思春期になり、私も誰かに恋をしはじめてから、はたして両親の間に愛はあるのかという疑問が浮かんだ。このころには自分が両親の子であることは疑っていなかった。だが両親は何かの間違いで自分を授かってしまい、中絶することは良心が許さなかった比較的善人の男女というだけの関係なのではないだろうか。ともすれば、私自身両親に愛されていない子供なのかもしれない。
ただ、この悩みを抱えたときには私はもう高校生で、しかも寮で暮らしていた。確かめる機会が訪れないまま大学生となり、一人暮らし。そのまま都内に就職したので、ついに両親と同居することはないまま、ある日ふと母が死ぬことになった。もう手の施しようのないレベルになってしまった肺がんで、もって2ヶ月らしい。

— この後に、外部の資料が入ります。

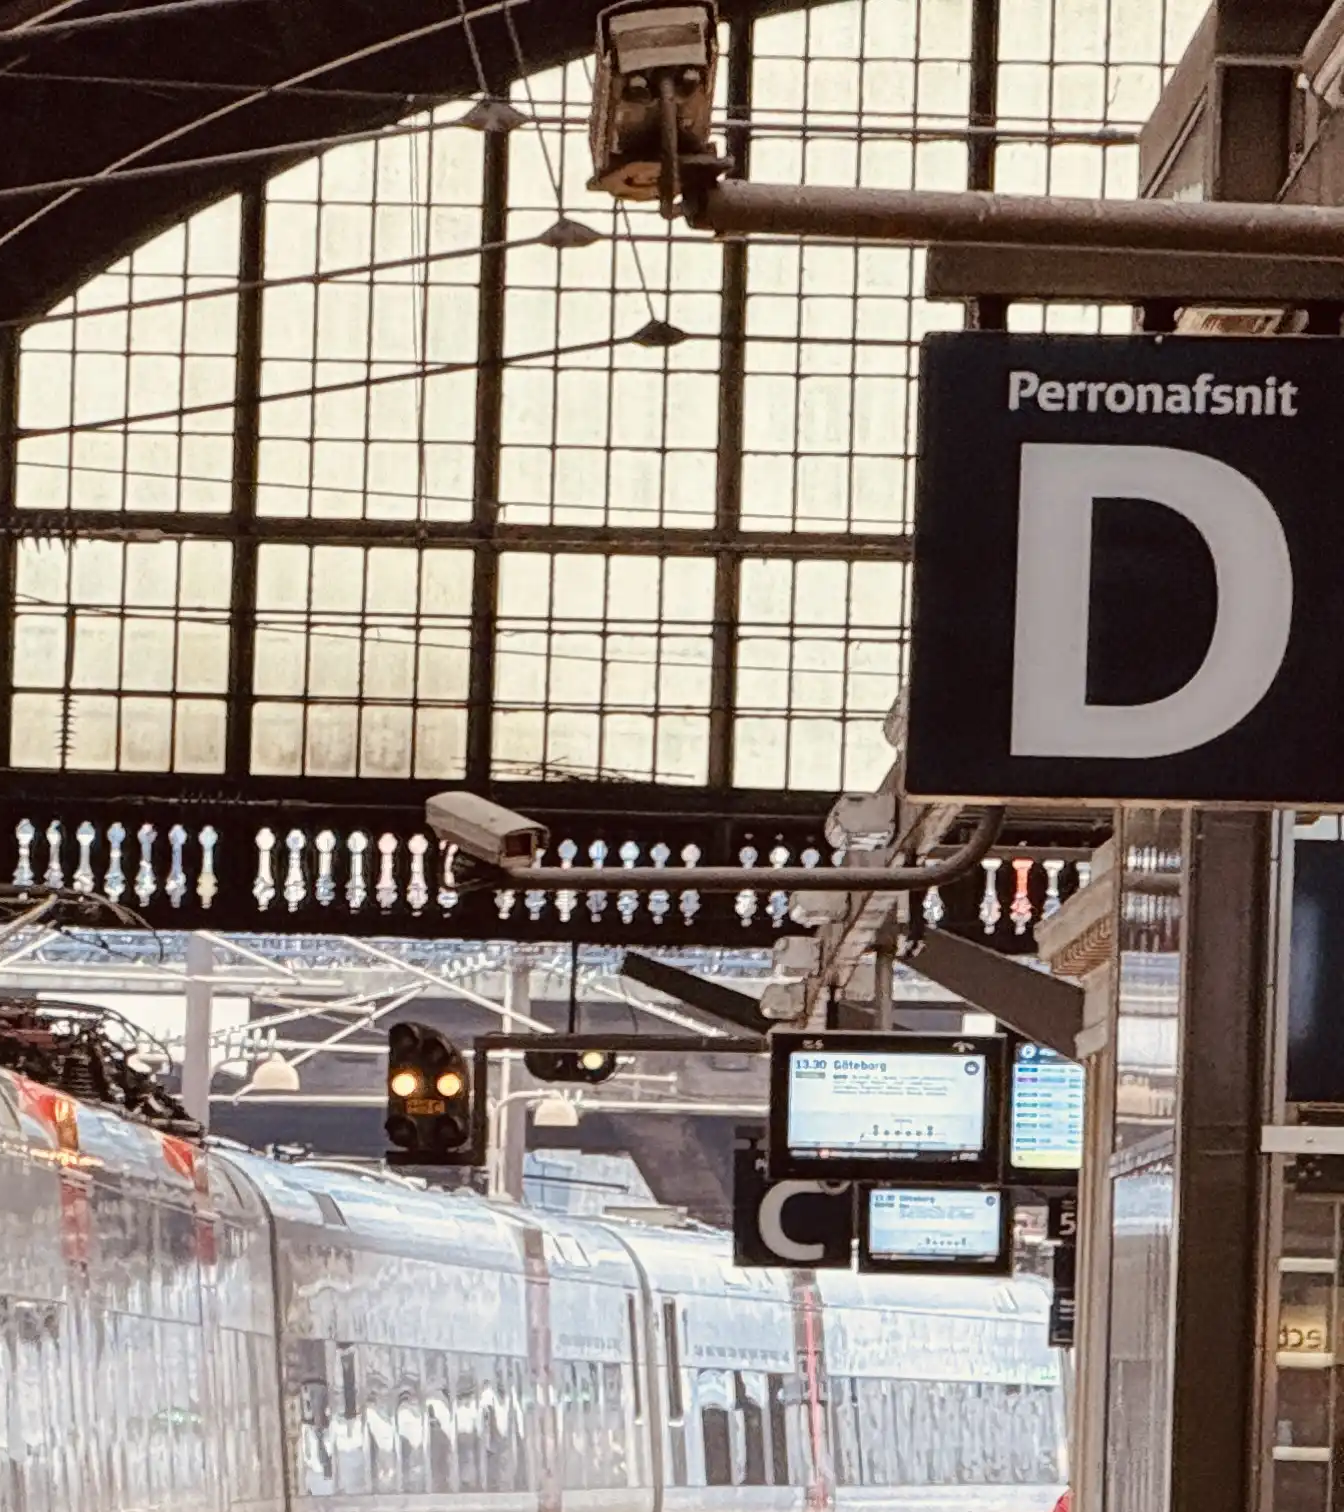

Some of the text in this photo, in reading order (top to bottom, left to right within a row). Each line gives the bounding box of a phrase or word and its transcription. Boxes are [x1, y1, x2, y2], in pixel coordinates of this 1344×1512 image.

母は家で死ぬことを嫌がって、終末ケアの施設に入院した。この3畳の個室で死にたいそうだ。入院してすぐ、母は墓はいらないと念押しした。樹木葬か、粉々に砕いて海にまいてくれと父に頼んでいた。そして身の回りの整理を手早く終えると、あとはただ、本を読んで過ごした。途中からモルヒネの影響で前後のくだりを覚えるのが難しくなると、どこから開いても読める辞書を買ってくるよう私に頼んだ。またしばらくして声を出すのがつらくなってからは、メモ帳にいろいろなことを書いていた。主に親族が恩着せがましく見舞いにくることへの悪口だった。こうなっても、母は自分の空間に人を入れたがらない性格だった。
ある日、母と私の2人だけが病室にいた日があった。他愛もない思い出話をした。このころにはもう自分が話すばかりだったので、すぐにネタが尽きた。思い出の多い家庭ではなかったのだ。話題に詰まった私は思い切って、子供のころ自分が両親の子供ではないのではないかと疑っていたことを話した。そしてなぜ父をずっとサイトウさんと呼ぶのか。
母は目を細めてから、メモに書いた。
“あの人を好きになった瞬間の呼び名で呼び続けたかったから”
私にそれを見せてから、母はすぐにメモを破って捨てていた。
母が亡くなったのは、その3日後だった。
葬式で初めて、母の名前を呼ぶ父を見た。
母の言うことに絶対服従だった父だが、墓はいらないという母の希望は叶えなかった。墓前に花をそなえ、それが枯れる前に次の花を持って会いに行く。墓を建てたその日から、今日までずっと続いている。
破れたメモは辞書の栞として私の手元にある。私も母の言うことを聞かなかった。